Inzaghi vuole dare un dispiacere a Sarri, ma l'Olimpico porta bene agli azzurri

09.04.2017
19:45
Redazione

Si torna all’Olimpico. Potevano essere due le sfide alla Lazio in questo finale di stagione visto che i biancocelesti sono in finale di Coppa Italia. Ma il 2 giugno ci sarà la Juve a giocarsi il trofeo tricolore. Lo stadio capitolino ha portato bene al Napoli nell'ultima trasferta. Gli azzurri hanno frenato la corsa della Roma vincendo 2-1. Un successo strepitoso che ridiede il sorriso al popolo partenopeo dopo che si era perso in Champions con il Real. I padroni di casa sono carichi avendo mandato a casa i cugini giallorossi in Coppa ma pure Hamsik e soci stanno bene mentalmente dopo il doppio confronto con la Signora. Si è stati all’altezza di avversari più forti conquistando un pari e un successo. Si è vista una netta superiorità di gioco che dovrà esserci anche in questo confronto diretto di stasera nella lotta per il terzo posto. Se ci si esprime come domenica e mercoledì scorso allora non ci dovrebbero essere problemi a portare a casa un ottimo risultato. Sarà importante mantenere alta la concentrazione evitando di distrarsi in difesa perché dall'altra parte c’è un certo Immobile che sta vivendo una grande stagione a livello realizzatrici.

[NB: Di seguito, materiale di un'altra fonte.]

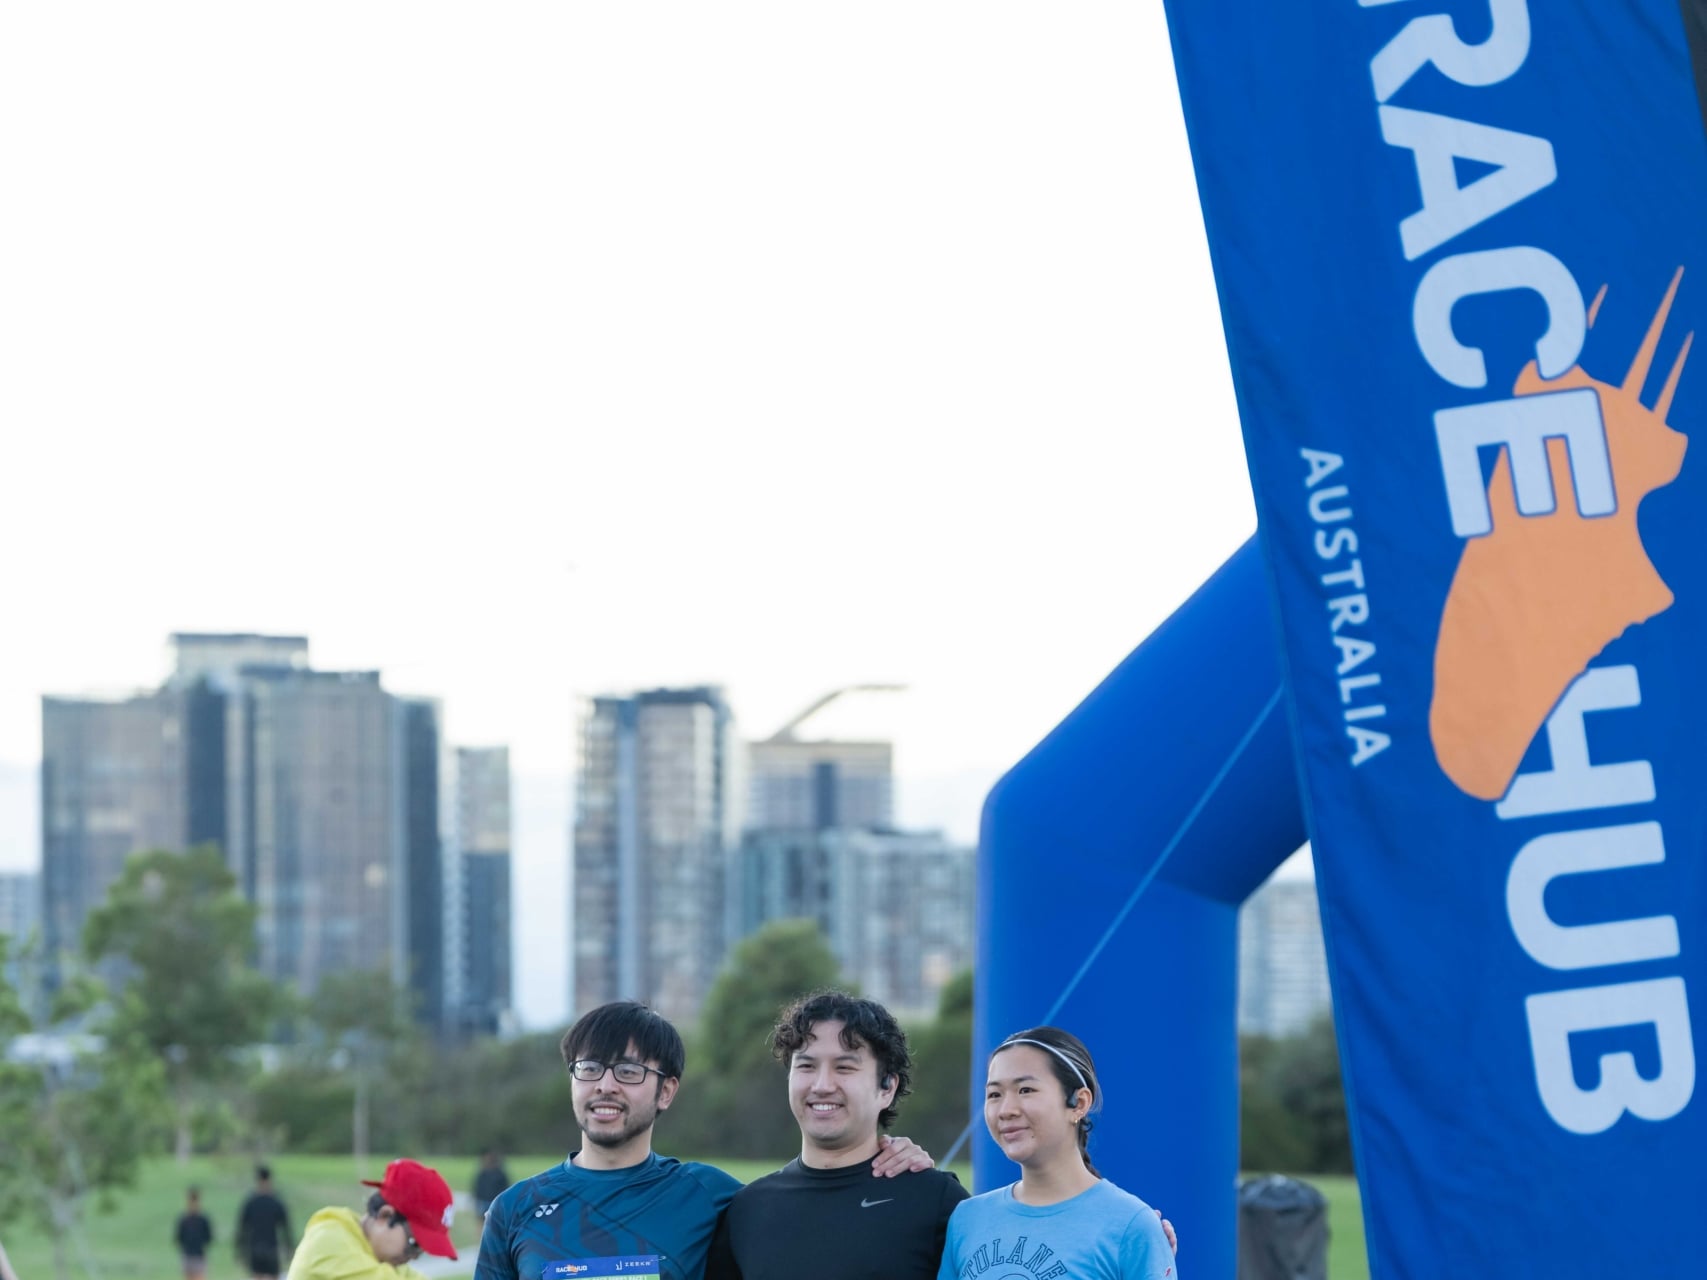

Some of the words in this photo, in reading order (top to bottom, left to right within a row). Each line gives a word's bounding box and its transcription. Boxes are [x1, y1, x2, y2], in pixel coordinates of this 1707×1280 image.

È un bomber vero il torrese che avrebbe potuto vestire la maglia azzurra in estate. Poi scelse la Lazio e si è rialzato dopo anni neri trascorsi all’estero. Al Napoli potrebbe bastare anche un pari per lasciare la classifica invariata solo che c’è ancora un secondo posto da poter conquistare. La Roma è a +4 e oggi gioca in casa del Bologna. Non dovrebbe avere problemi a vincere e se lo facesse potrebbe addirittura scappare via con un pareggio degli azzurri. Ecco, quindi, che bisogna provare a vincere la sesta partita consecutiva in trasferta. Simone Inzaghi proverà a sfruttare il momento positivo per dare un dispiacere a Maurizio Sarri. Mertens è più carico che mai avendo segnato il gol più veloce della storia in Coppa contro la Signora. C’è poi Hamsik che sta dando continuità alla sua vena realizzativa con colpi da maestro. È a quota 112 reti, a 115 c’è il record storico di Diego Armando Maradona. Ma per il momento le classifiche cannonieri possono aspettare. Conta soprattutto vincere e per farlo ci vuole il miglior Napoli. Quello dei cinquanta minuti visti contro il Real. Sperando che la dietro nessuno si distragga. Altrimenti si fa dura anche per il secondo posto.